Возможно, в своей жизни он «уже достаточно сделал», как сказала ему одна романистка; это было перед войной, на светском приеме. Она имела в виду, что им написано достаточно, чтобы считаться выдающимся хотя бы по меркам литературной карьеры. Уже тогда это его не утешило. Славы он не хотел, она была ему чужда, как и в двадцать лет. Он защищался от нее разноликостью. (Он всегда путешествовал лишь с одним спутником, с которым прощался, скажем, в Лапалиссе и затем находил себе другого, с кем ехал в Бургундию.) Тем не менее в салоне на авеню Гош он танцевал с хрупкой, словно птичка, романисткой, одна рука которой лежала на его плече, а другая гусиным крылом обвила шею. Уловив кое-какие намеки, он представил ее своей любовницей. Она обладала изящным слогом, ее произведения имели успех. Но для него писательство было убежищем. Он хотел, чтобы все было безотчетно, как в его первые годы работы, когда страница казалась голубятней, где он скрывался от уже изведанных царств. Была встреча, волнующая многообразность. Никакой рассудочности. Начав писать, он не мудрствовал, но потом рассуждения стали его неотъемлемой частью. А хотелось-то одного: бесцельно вальсировать с кошкой.
Буа-де-Мазер
Церковную колокольню в Барране отреставрировали давно, когда еще была жива мать Люсьена. Роман, кряжистый, но проворный, тоже подрядился работать на пятидесятиметровой высоте, ибо за это платили как нигде. Подвешенный в веревочной упряжи, он отдирал сгнившую обшивку, обнажая остов перекрученной башни. Затем, вместе с другими качаясь на блоках в ее темном восьмиугольном нутре, укреплял несущие балки и на каждом уровне настилал полы.

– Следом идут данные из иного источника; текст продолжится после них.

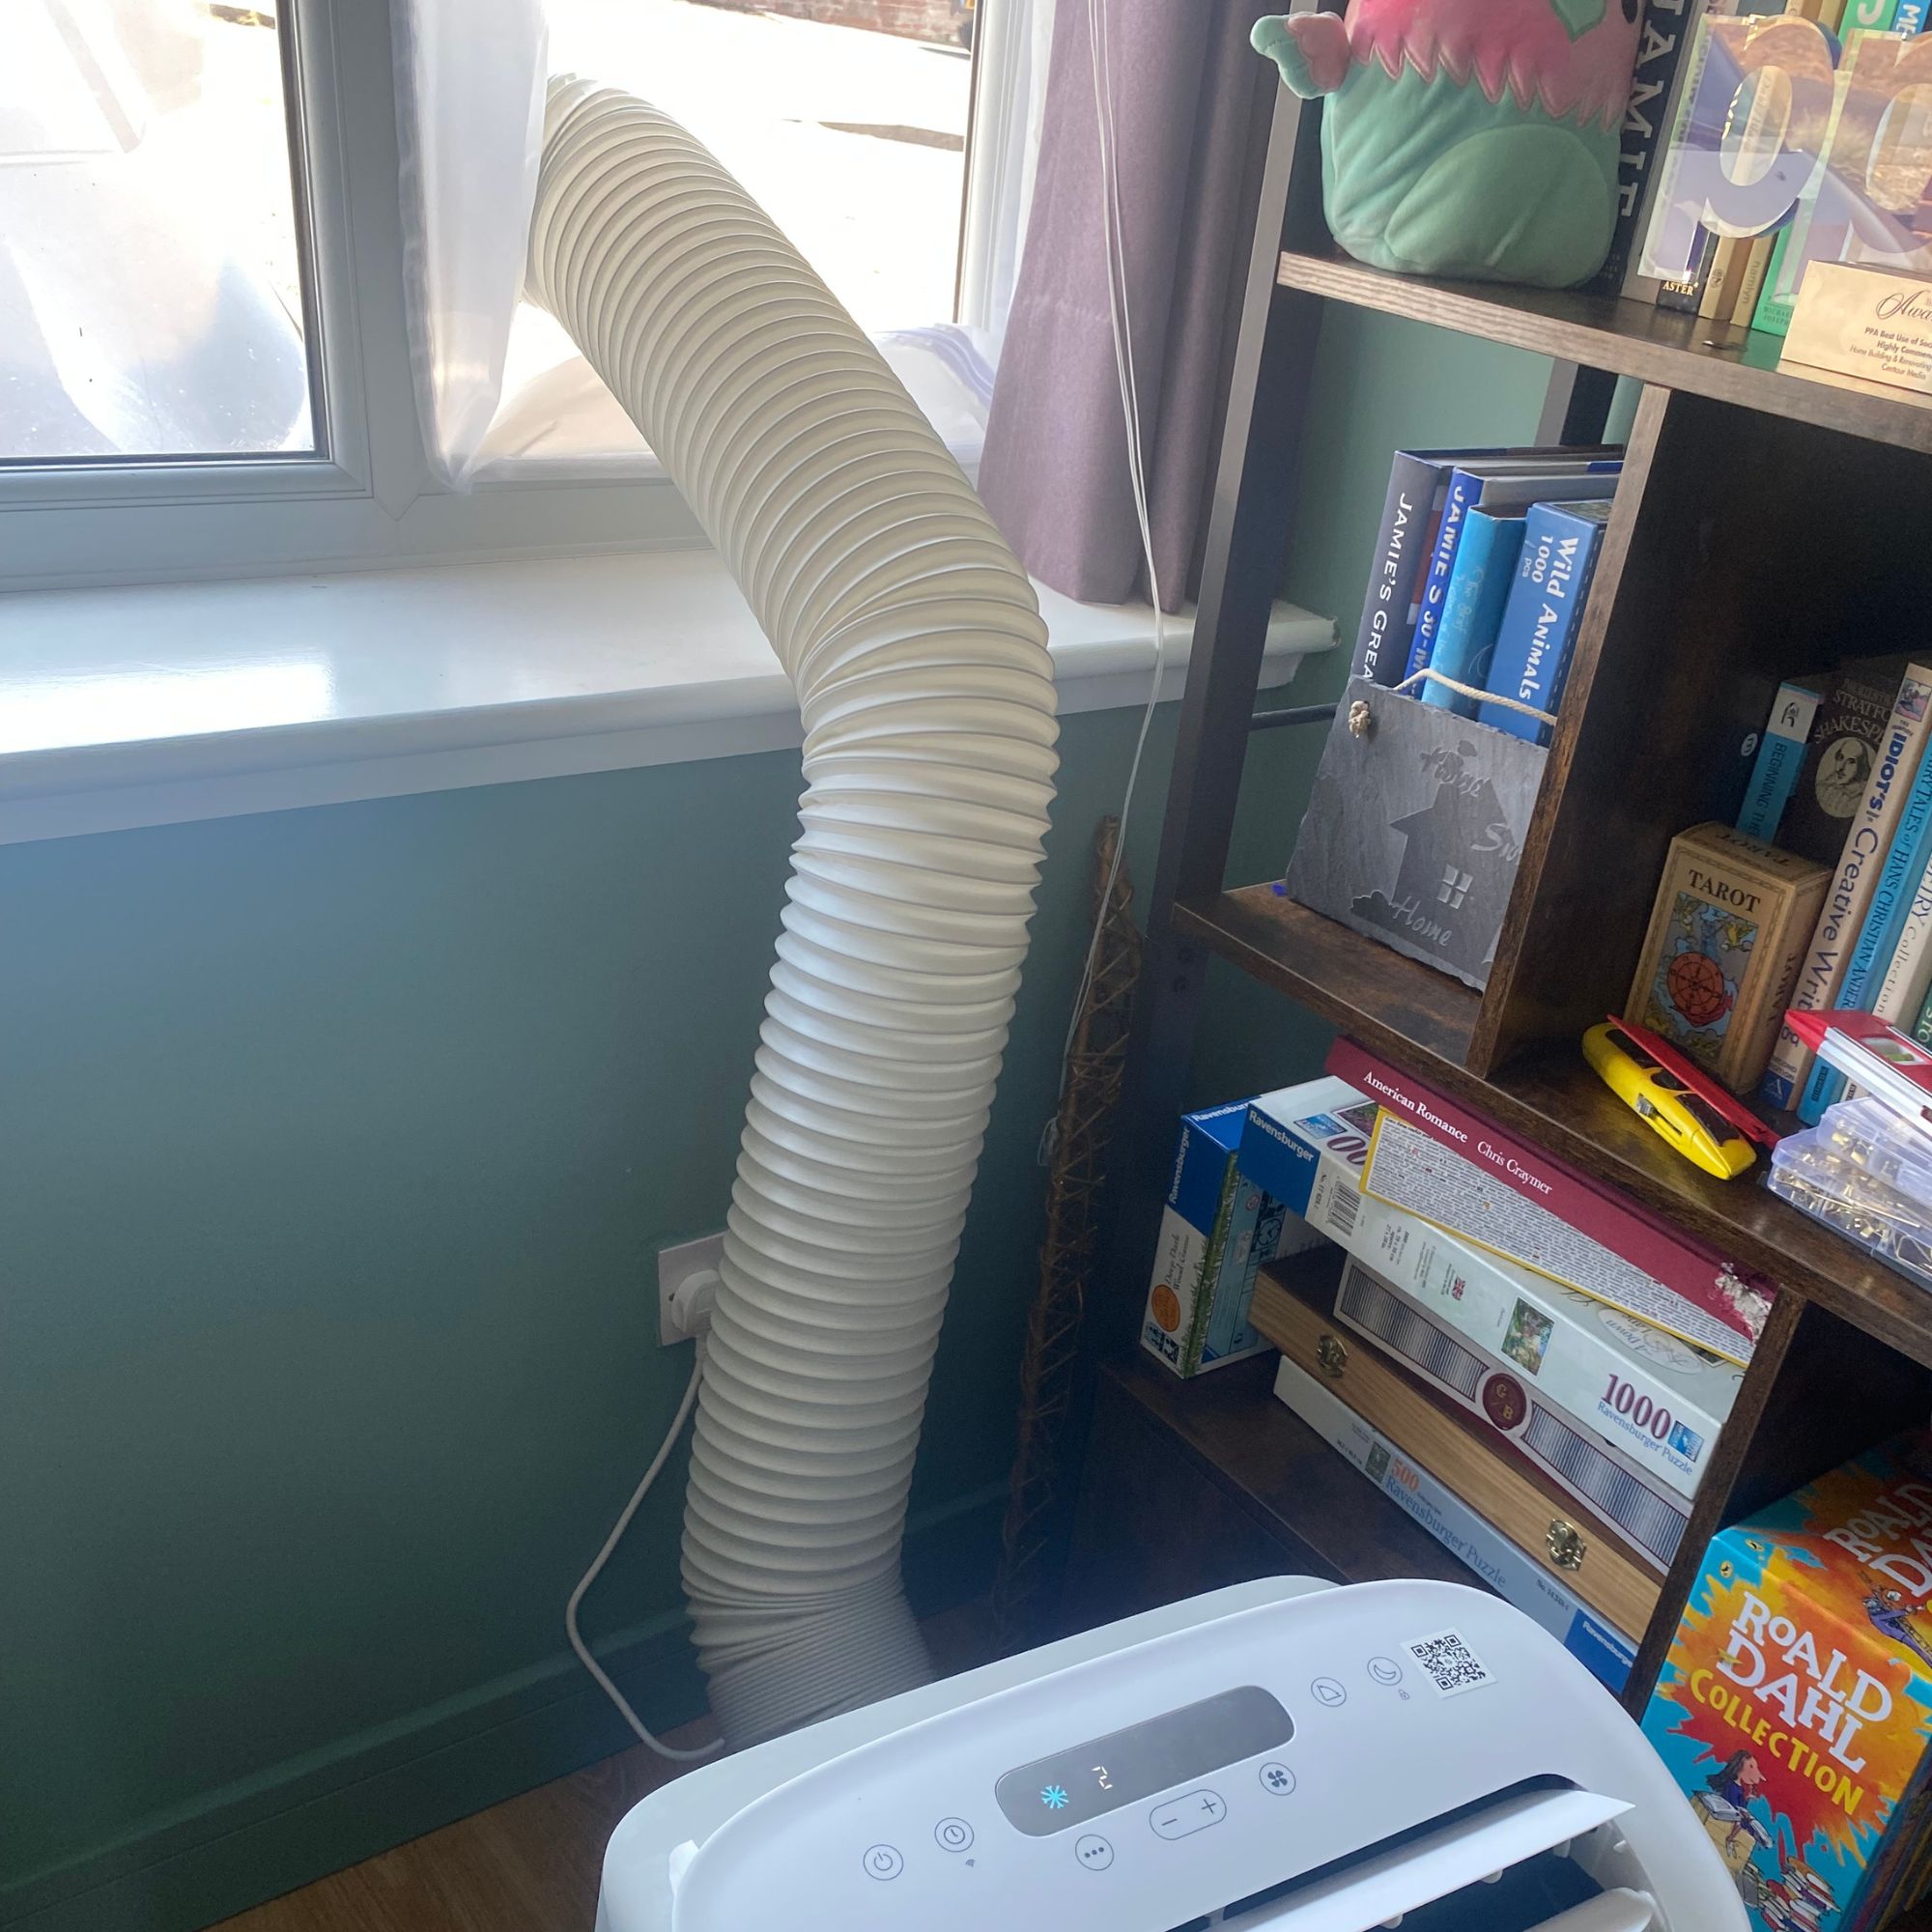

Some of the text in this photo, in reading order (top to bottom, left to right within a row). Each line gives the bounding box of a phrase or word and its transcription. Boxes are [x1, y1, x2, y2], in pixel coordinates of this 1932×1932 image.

Два месяца, пока над равнинами гуляли снежные бури, работы шли внутри колокольни. Потом работники вышли на свет и занялись внешней обшивкой. К тому времени Роман стал рисковым, как его работа. Почти всегда он трудился без напарника. Спустившись на землю, он покачивался, точно пьяный, ибо целый день пребывал в напряжении, пока висел на стропах или стоял на краю доски, окруженный вселенной департамента Жер. С высоты просматривались тропы, петлявшие в лесу, Ош в двадцатикилометровой дали и дорога, которой ежевечерне Роман верхом отправлялся домой. Около восьми они с Мари-Ньеж ужинали, а в пять утра надо было вставать и снова ехать в Барран. Если б не эти вечерние одинокие поездки и тихие усыпляющие беседы с женой, Роман сошел бы с ума. В семь утра он уже вновь болтался на деревянной колокольне, цепляясь за балки, вытесанные в тринадцатом веке. Всю зиму он работал на покатой крыше. Самым паршивым было в сумерках спускаться и вновь привыкать к земле.
Однажды ночью выпал снег, ненадолго укутавший землю белым покрывалом. Обычно с первыми лучами солнца он таял, вновь уступая место зелени лесов и полей. Но Роман выехал еще затемно, и на белой пороше его конь оставлял тропку следов, дугой изгибавшуюся к лесу. Роман всегда ездил через обширный Буа-де-Мазер — так на дорогу уходило меньше часа. Отяжелевшие ветви шаркали его по плечам, роняя снег на его колени и лошадиный круп. Роман бросил повод, чтобы конь сам выбирал путь и запомнил, как возвращаться.
Откинувшись на спину, сквозь ажурный полог он смотрел в небо. В эти ничейные минуты он вел себя как мальчишка. Брошенный повод чиркал по коленке, мыслей не было вовсе. Для него, неграмотного мужика, который говорил лишь в случае необходимости, всякое движение было полно смыслов и допускало разнообразные толкования. Заминка в ответе жены или начальственный тон прораба сообщали ему даже больше чем нужно. Раздумье о сороке, с чем-то ярким в клюве сиганувшей с дерева, медленно крутилось в его голове, точно мельничный жернов.